El equivalente literario de la comida rápida.
Lemming
La Zebra | #114 | Febrero 4, 2026
Literatura al instante
Me fascina un tipo de escritura automática que se ve por todos lados últimamente. Quizás es producida por Inteligencia Artificial. No lo sé, pero es totalmente plástica. Imagina: escritura instantánea, desechable. El equivalente literario de la comida rápida. ¡Asombroso! No un ensayo, sino su versión mínima, empaquetada, de corte industrial, como una hamburguesa. No el poema sino el bocado simple, directo, digerible, como las papas fritas.
La literatura instantánea se caracteriza por una voz que ya parece tener todas las respuestas. No hay duda, no hay preocupación, no necesitas tomar posturas: es satisfacción sin neuronas. Es un monólogo que no está abierto al diálogo, sino que quiere ser la última palabra de un tema en particular sobre el arte, la política o la historia. Empacado tal y como te gusta: la anécdota humorística, la celebridad escandalosa, la biografía inspiradora.
El toque de inteligencia en un minuto, pero con frases breves y entrecortadas, como te gusta.
El equivalente del colesterol mental, la fritanga del pensamiento, la subida de azúcar.
Escribí el siguiente ejemplo para que veas lo que quiero decir y puedas detectarlo:
Rebeldes contra el jabón
Hoy me bañé.
No porque apestaba.
No porque es lo correcto, lo saludable, lo esperado, sino porque una fuerza más grande me impulsaba.
Sí, bañarse es óptimo.
Lo comprueba la historia.
Lo ratifica la ciencia.
Pero no siempre fue así.
El jabón lo inventaron los musulmanes en el siglo VII.
Considera este dato. Es crucial. Piensa en lo que significa.
Cleopatra apestaba. Marco Antonio también.
Y aun así se amaron.
No tenían todavía los jabones que habrían bañado los cuerpos de dos jóvenes amantes en Venecia, como a Romeo y Julieta.
¿Se habría enamorado Julieta de Romeo si él hubiera apestado?
¿Se habría arriesgado Romeo bajo el balcón de Julieta si ella no hubiera usado algún tipo de champú?
Hoy el jabón es una industria global, aún más importante después del 2020.
La pandemia nos puso en alerta: no nos lavábamos las manos lo suficiente.

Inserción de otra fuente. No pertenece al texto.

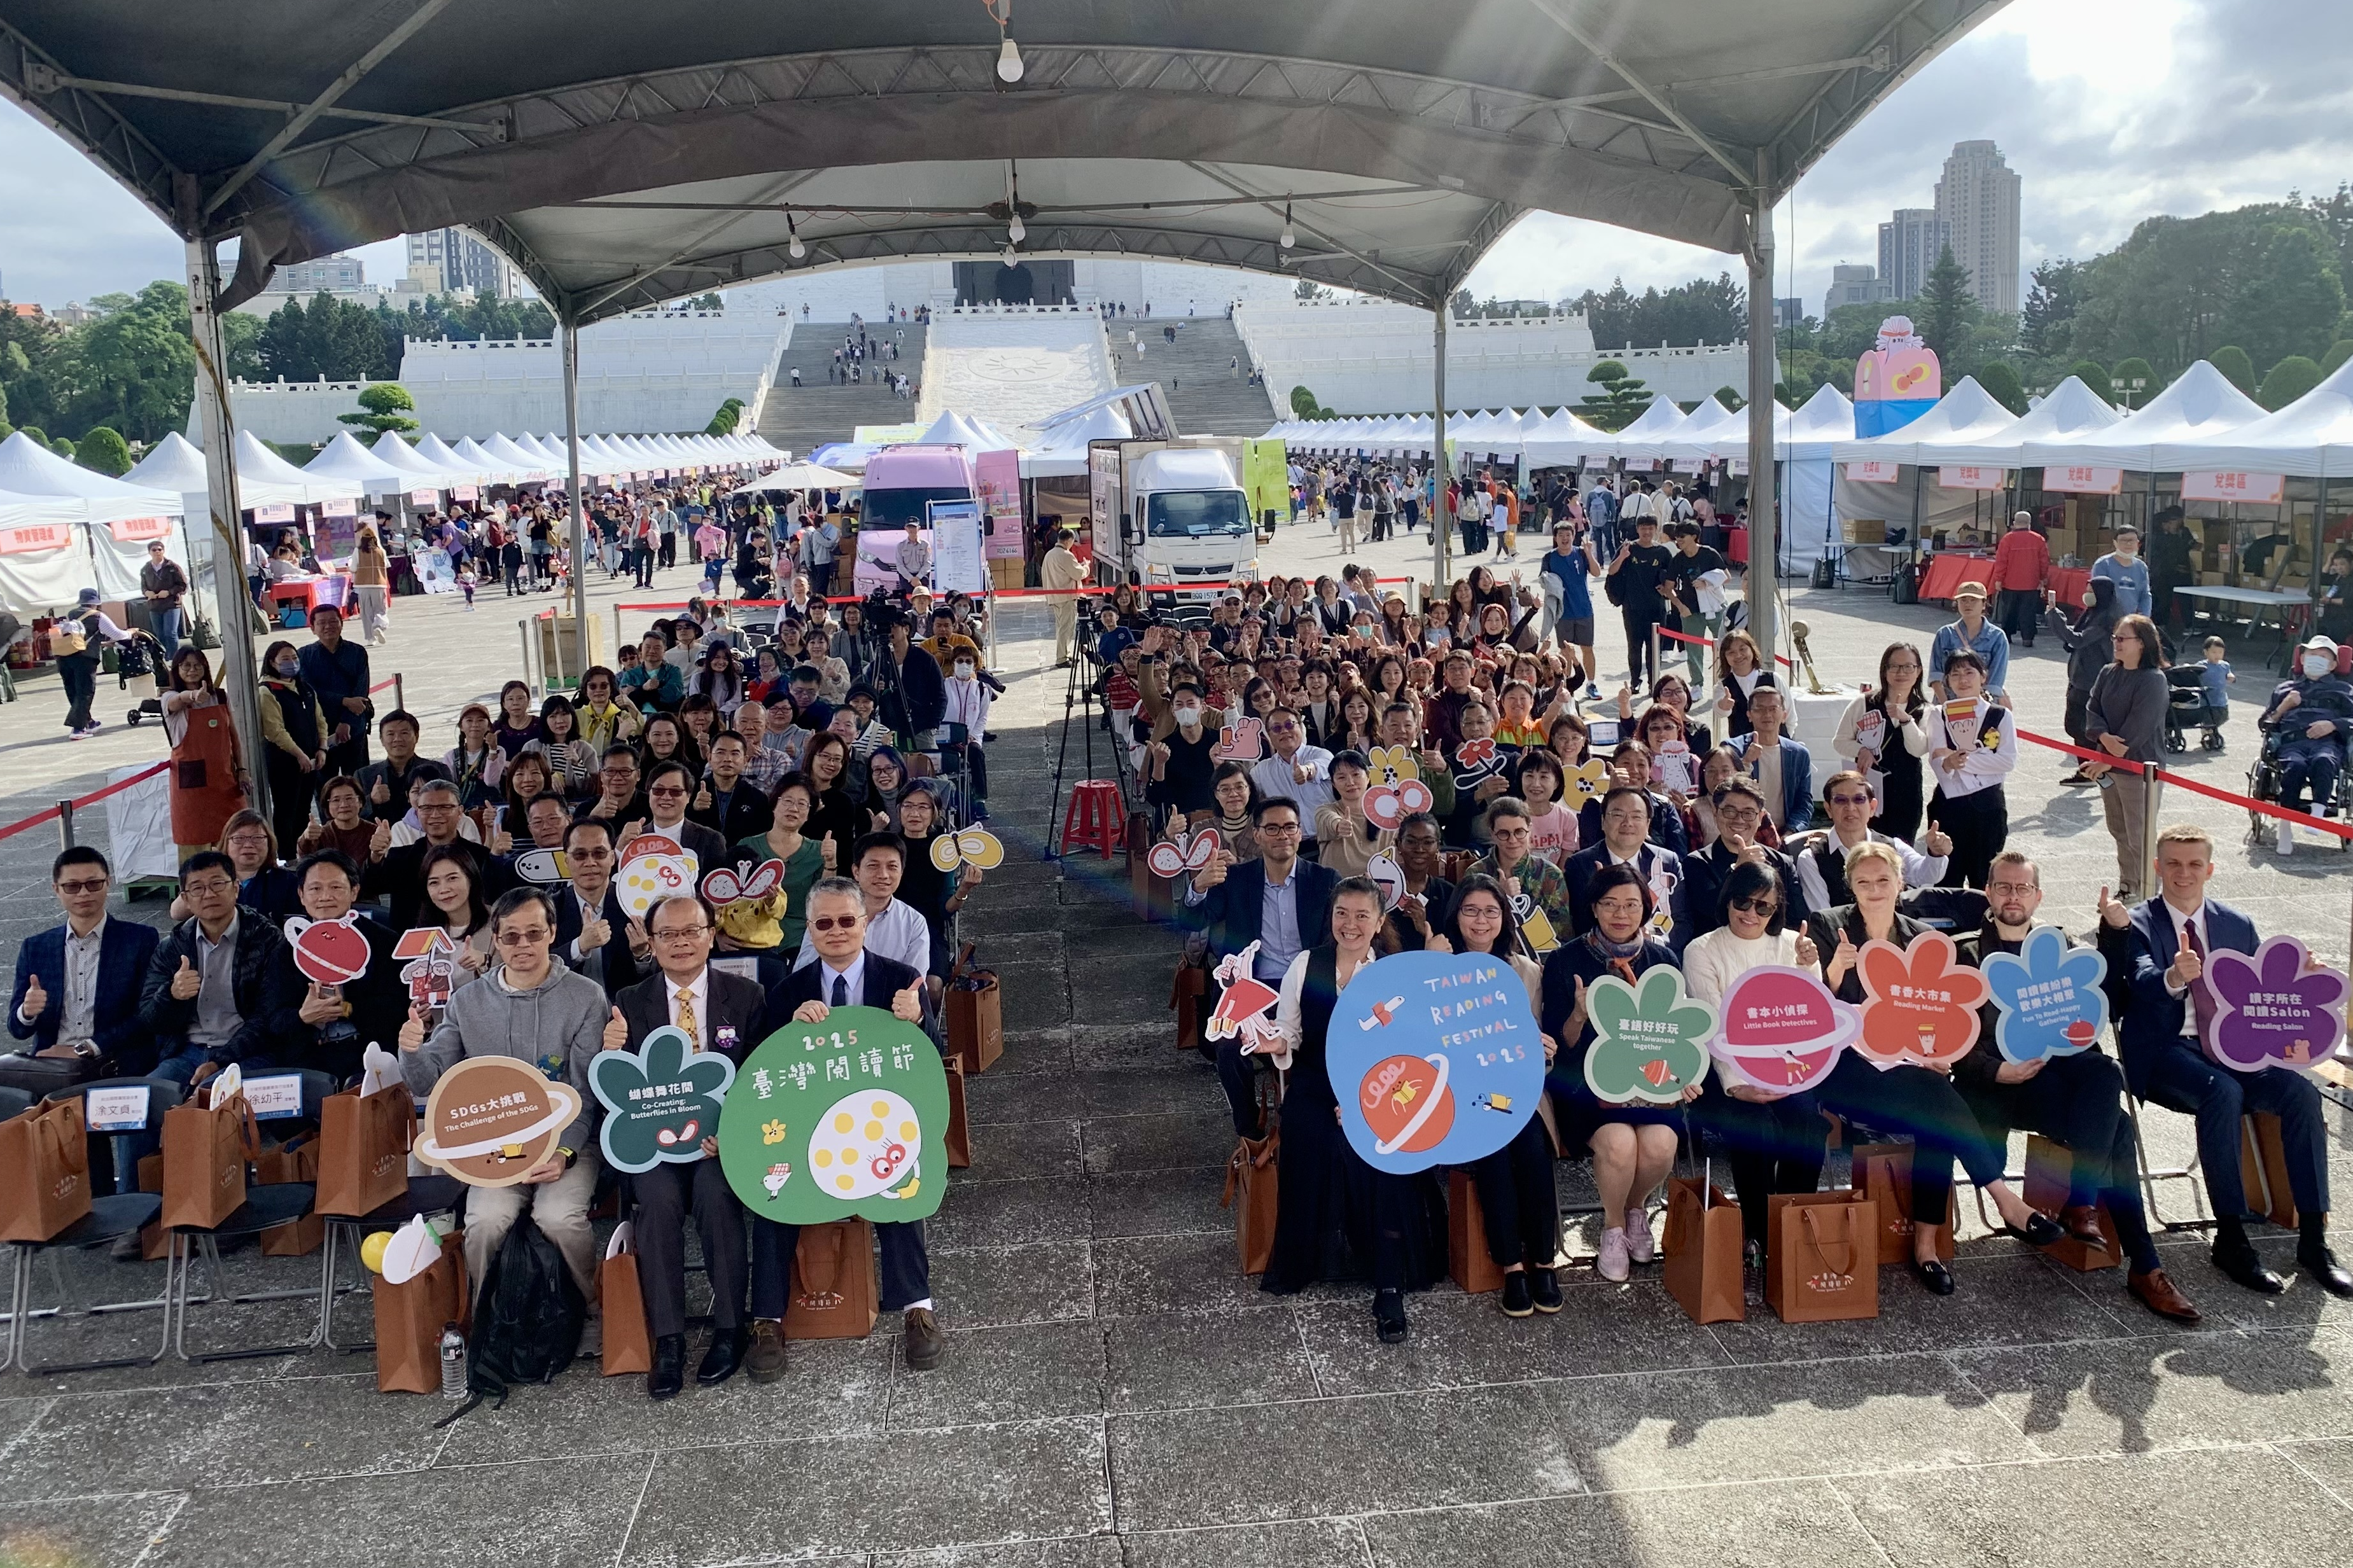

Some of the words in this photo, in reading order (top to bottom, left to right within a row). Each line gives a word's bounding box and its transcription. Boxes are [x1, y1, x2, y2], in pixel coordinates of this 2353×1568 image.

[2214, 473, 2247, 489] 兌獎區
[1423, 968, 1497, 992] TAIWAN
[1889, 983, 1952, 1004] 書香大市集
[1430, 990, 1508, 1025] READING
[1746, 1003, 1809, 1020] 書本小偵探
[1893, 999, 1921, 1012] Reading
[1922, 1003, 1946, 1013] Market
[1743, 1022, 1761, 1030] Little
[1763, 1020, 1780, 1029] Book
[1781, 1018, 1818, 1028] Detectives
[2039, 1015, 2070, 1027] Gathering
[2251, 1022, 2282, 1032] Reading
[2282, 1022, 2305, 1030] Salon
[802, 1029, 858, 1051] 2025
[1441, 1018, 1518, 1048] FESTIVAL
[1618, 1033, 1640, 1043] Speak
[1640, 1034, 1675, 1044] Taiwanese
[1476, 1044, 1526, 1067] 2025
[1633, 1042, 1663, 1051] together
[751, 1043, 915, 1100] 臺灣閱讀節
[629, 1080, 694, 1102] 蝴蝶舞花間
[450, 1091, 527, 1120] SDGs大挑戰
[630, 1107, 668, 1120] Butterflies
[677, 1102, 701, 1113] Bloom
[641, 1099, 687, 1110] Co-Creating:
[444, 1124, 459, 1133] The
[459, 1118, 496, 1131] Challenge
[505, 1109, 519, 1118] the
[519, 1104, 538, 1115] SDGs

No nos lavábamos la cara lo suficiente, tampoco. Ni los brazos, los pies, la entrepierna, la nuca, las axilas, el pecho, el trasero…
Sí, la historia es innegable. La ciencia, indiscutible.
Hay que lavarse. Con jabón.
Aun así hay resistencias a su uso.
Rebeldes que quieren regresar a la época de Cleopatra y Marco Antonio.
Entre esos estoy yo.
Sin embargo, hoy me bañé porque una fuerza más grande me impulsaba…
Mi esposa me regañó.
“¡Báñate, cochino! ¡Y deja de publicar tonterías en Facebook!”
Esa es la realidad.
Me tuve que bañar.
Cosas que veo
A veces veo una vaca…

…y en la noche la recuerdo.


LEMMING es un humorista salvadoreño.